Saved entries:

=== Begin Enclosure ===

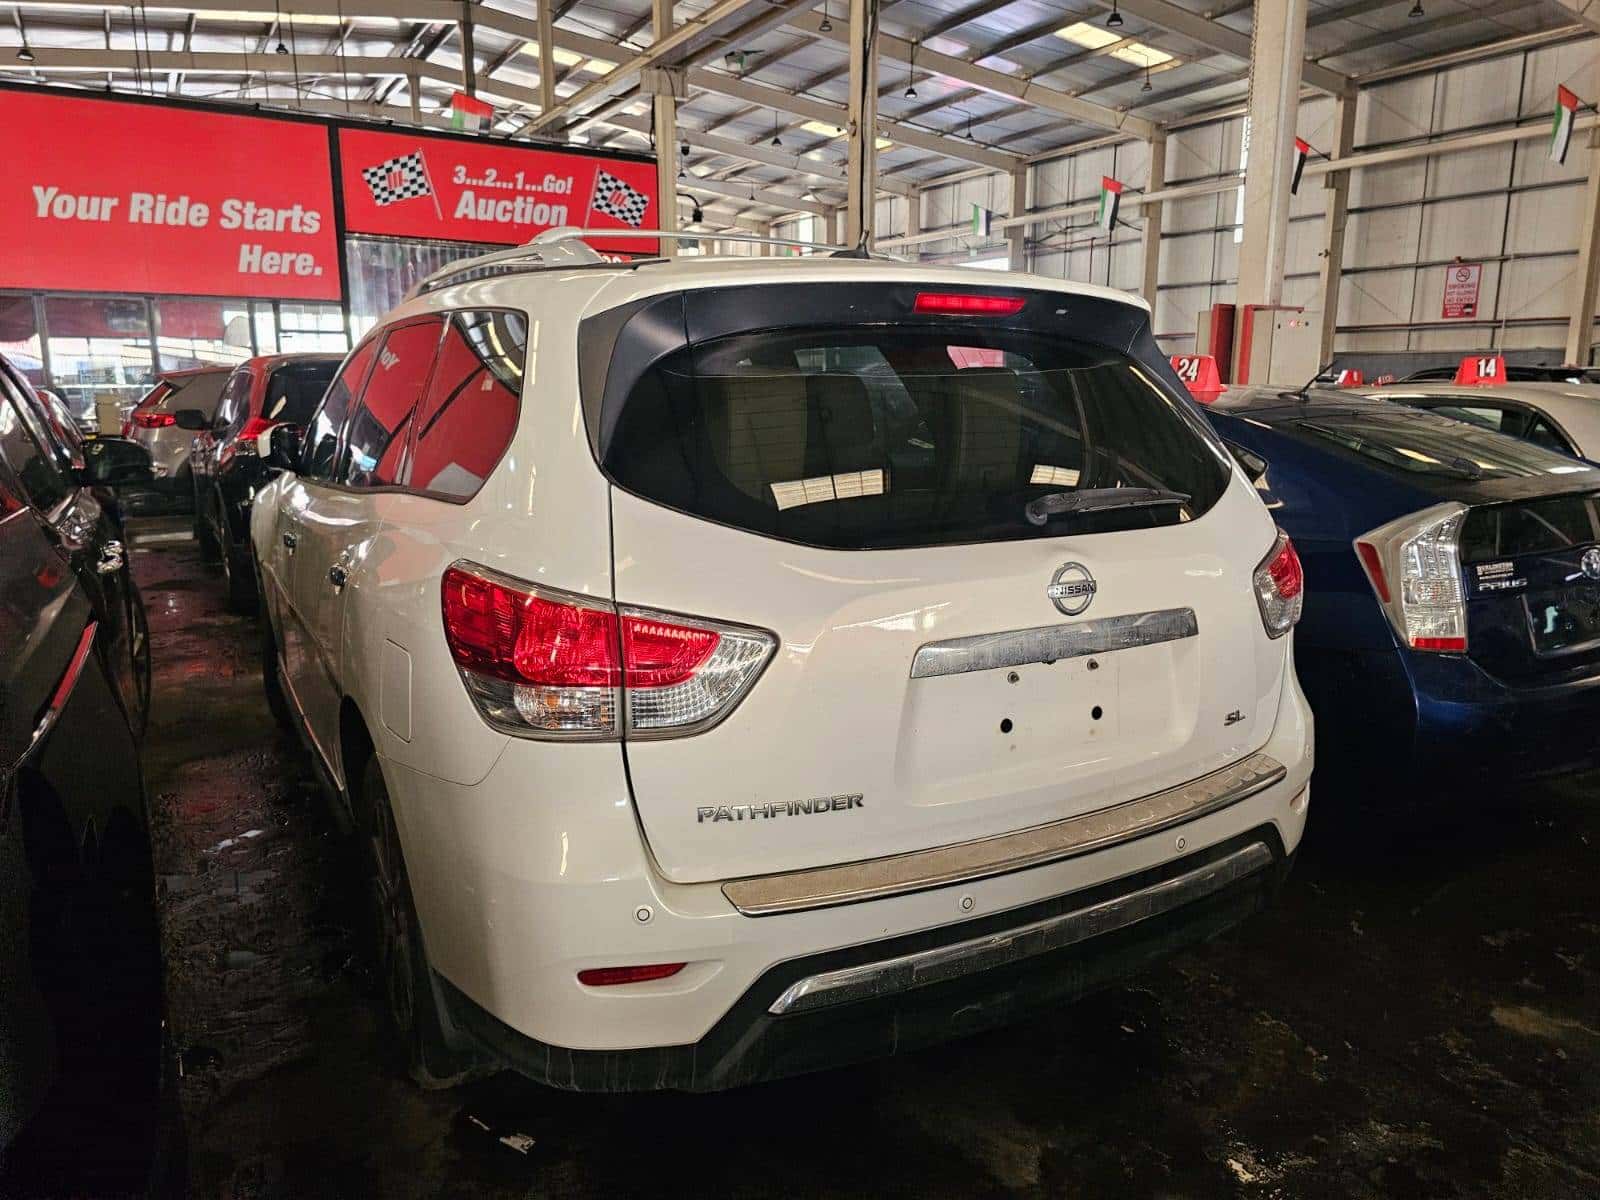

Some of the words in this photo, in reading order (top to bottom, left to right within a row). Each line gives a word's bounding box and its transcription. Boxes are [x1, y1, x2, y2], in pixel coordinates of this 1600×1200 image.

[32, 185, 118, 221] Your
[128, 192, 209, 227] Ride
[219, 198, 321, 234] Starts
[454, 190, 568, 227] Auction
[238, 243, 323, 277] Here.
[1178, 358, 1199, 382] 24
[1478, 358, 1496, 377] 14
[1055, 583, 1094, 595] NISSAN
[1479, 577, 1528, 591] PRIUS
[1224, 709, 1246, 727] SL
[697, 793, 864, 823] PATHFINDER

=== End Enclosure ===

- _WHAT YOU NEED TO DO_: What you return must match the entries above exactly, apart from the pictures, which are left out.

- _SOLUTION TO THIS TASK_:
Some of the words in this photo, in reading order (top to bottom, left to right within a row). Each line gives a word's bounding box and its transcription. Boxes are [x1, y1, x2, y2], in pixel coordinates of this 1600×1200 image.

[32, 185, 118, 221] Your
[128, 192, 209, 227] Ride
[219, 198, 321, 234] Starts
[454, 190, 568, 227] Auction
[238, 243, 323, 277] Here.
[1178, 358, 1199, 382] 24
[1478, 358, 1496, 377] 14
[1055, 583, 1094, 595] NISSAN
[1479, 577, 1528, 591] PRIUS
[1224, 709, 1246, 727] SL
[697, 793, 864, 823] PATHFINDER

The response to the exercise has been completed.